I think that I can safely say for both Jasmine and I, that it is so great that a movie like "Crazy Rich Asians" have gotten so much success because it is the turning point for Asian representation in the arts, but more importantly, appreciation for Asian represenation. We hope to inspire other individuals of Asian decent, notably for me females, to chase after your dreams and passions. It will be scary (I know trust me!), it will be uncomfortable, it will be hard, it will mean tears and anger, it will mean working three times as hard, it will be frustrating and you will want to quit but it is worth it! I am proud to be a Chinese-Canadian. It is who I am and I hold a lot of the cultural traditions to heart. But I knew that if I didn't give myself the fair trying chance at music, that it will be my biggest regret. I don't only love music, but furthermore I know that it is my destined platform and avenue to touch and help more people. I know that in my current line of work as a pharmacist I've helped and have a positive affect on my patients but I am seeking to do much more through my music and words.

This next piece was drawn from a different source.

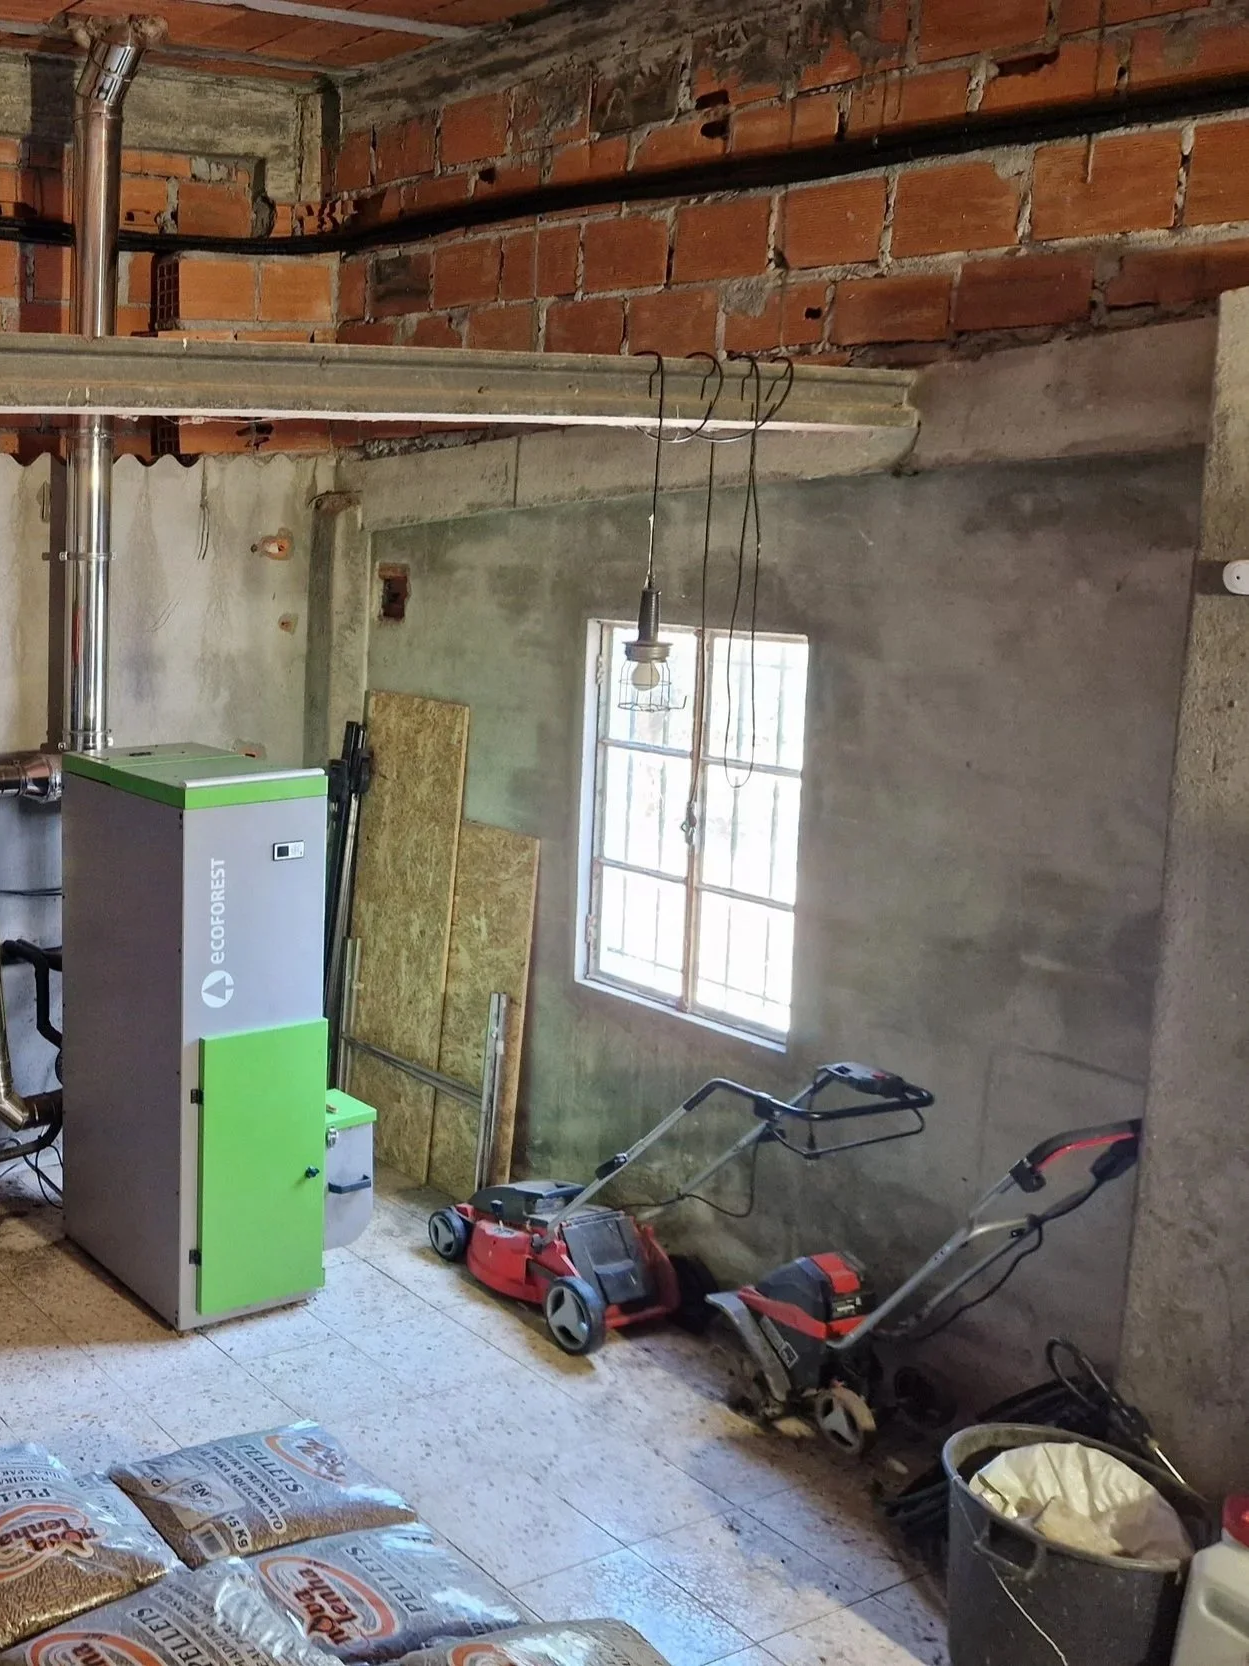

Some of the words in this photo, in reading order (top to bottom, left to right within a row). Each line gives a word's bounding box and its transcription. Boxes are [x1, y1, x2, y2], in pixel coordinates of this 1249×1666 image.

"[Not so] Crazy and [not so] rich Asians" - I entitled it as such because Jasmine and I are not THAT crazy (you may get a completely different answer from our families though) and we are not THAT crazy rich. We work hard to get to where we are today and I couldn't be more prouder and excited to see what is in store for Jasmine! We both went through a lot of hurdles and still going through them. My family is just starting to come around - I think and I hope to also inspire my own parents one day and make them proud.

Jasmine also shared a blog 2 weeks earlier about her take on the cultural significance that the movie had on her - please give her a follow (@questadolcevita) and if you dig the awesome photographs and wonder who is behind the camera lens, please hit up Tyler (@tylermcintyrephotography). I should also mention, Tyler made us look THIS GOOD when in reality it was a tornado and hurricane on the day of the shoot - he's that talented!

So who is ready to challenge and appreciate?